Santa Claus is coming to town, and for the 60th consecutive year, the North American Aerospace Defense Command will tell youngsters — and the young at heart — the exact location of Kris Kringle during his annual world tour.

At Colorado's Peterson Air Force base, hundreds of volunteers will be answering calls from an estimated 125,000 children around the globe looking for Santa's whereabouts.

And in far-flung locales, remote NORAD identification technicians who monitor computer screens for possible air incursions also spend Christmas Eve serving as official Santa "trackers."

The technicians in Canada and the U.S. report "sightings" of a sleigh full of toys pulled by flying reindeer, said Tech. Sgt. John Gordinier, an Alaska NORAD spokesman.

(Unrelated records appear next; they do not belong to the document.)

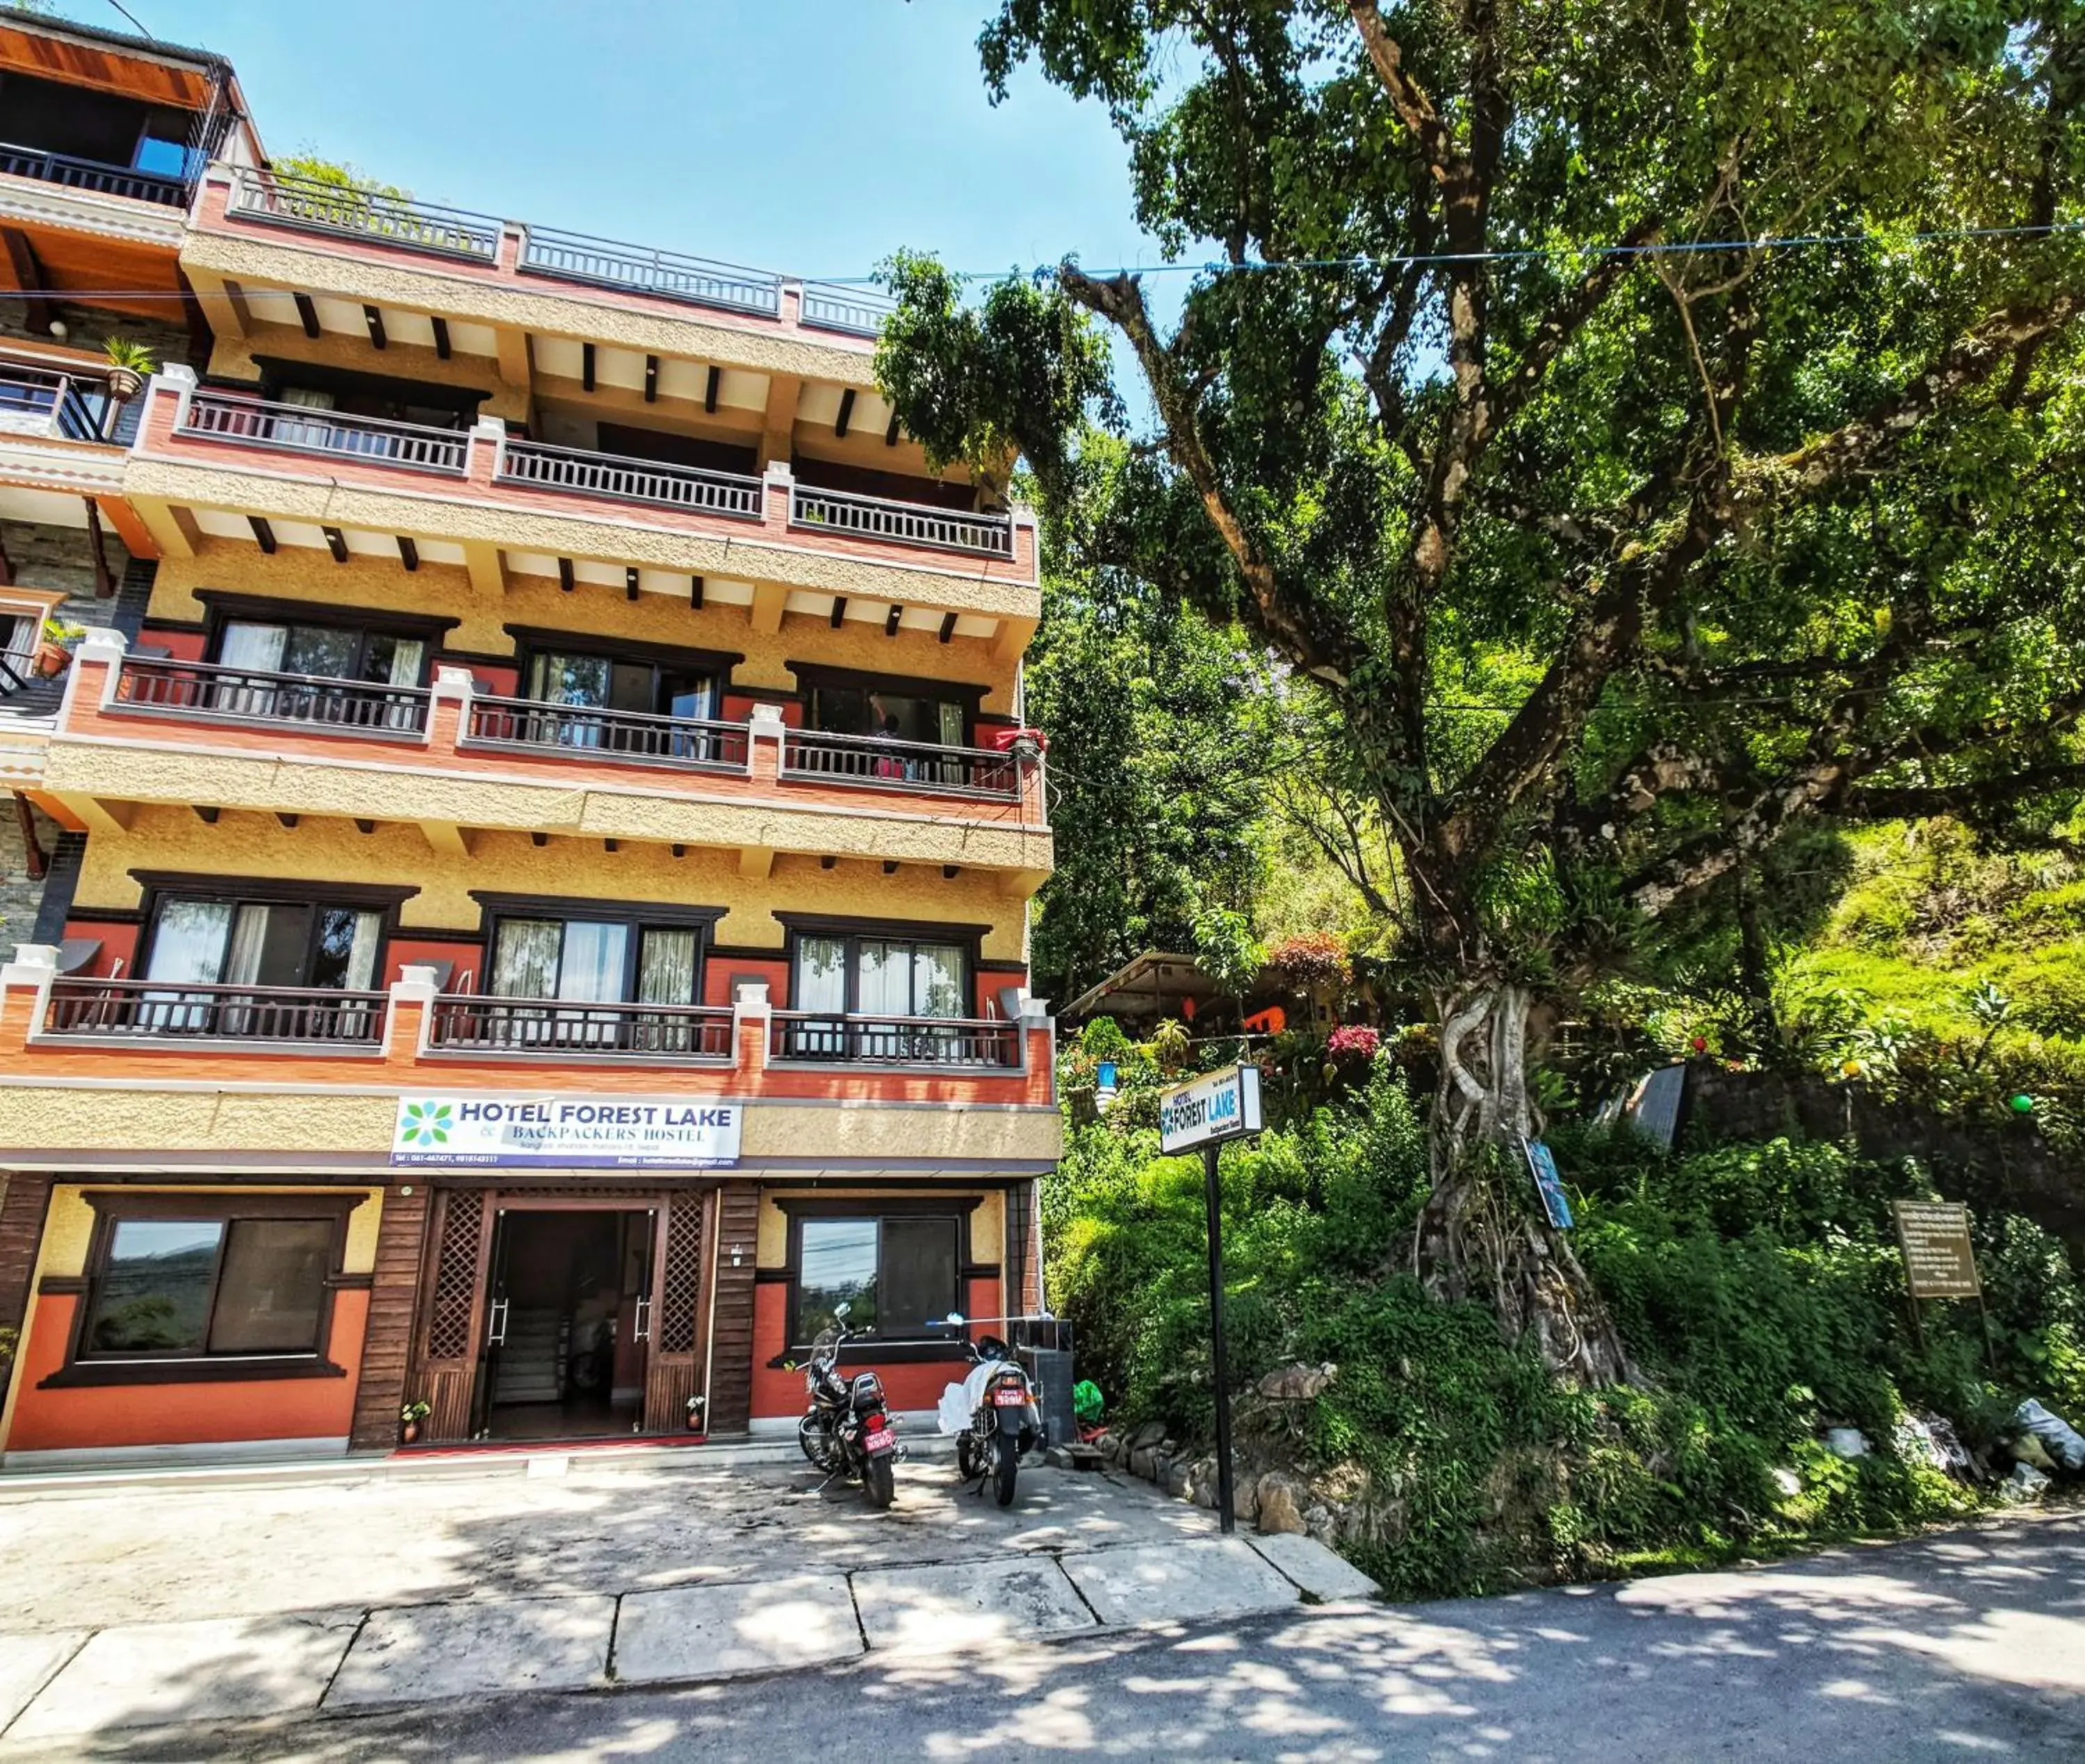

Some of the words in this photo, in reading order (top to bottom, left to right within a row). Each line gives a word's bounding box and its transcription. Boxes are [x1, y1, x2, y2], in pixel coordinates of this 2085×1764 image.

[459, 1103, 551, 1122] HOTEL
[559, 1105, 658, 1125] FOREST
[664, 1108, 732, 1127] LAKE
[1174, 1098, 1206, 1133] FOREST
[1209, 1089, 1235, 1120] LAKE
[644, 1128, 705, 1142] HOSTEL

"It's one of the largest military community relations events we have," Gordinier said.

A system of radar stations and satellites monitor all air traffic entering U.S. and Canadian airspace. All aircraft have a code to identify themselves. If an aircraft doesn't have a code, Gordinier said, NORAD can scramble jets to see who it is and what they're doing. Luckily, Santa is good at keeping in touch with NORAD, Gordinier said.

"When he pops up, we call him 'Big Red One,' " he said. "That's his call sign."

The nose on Rudolph the Red Nosed Reindeer is a tipoff. It gives off an infrared signature similar to a missile launch, Gordinier said.

Santa generally departs the North Pole, flies to the international date line over the Pacific Ocean, then begins deliveries in island nations. He then works his way west in the Northern and Southern hemispheres.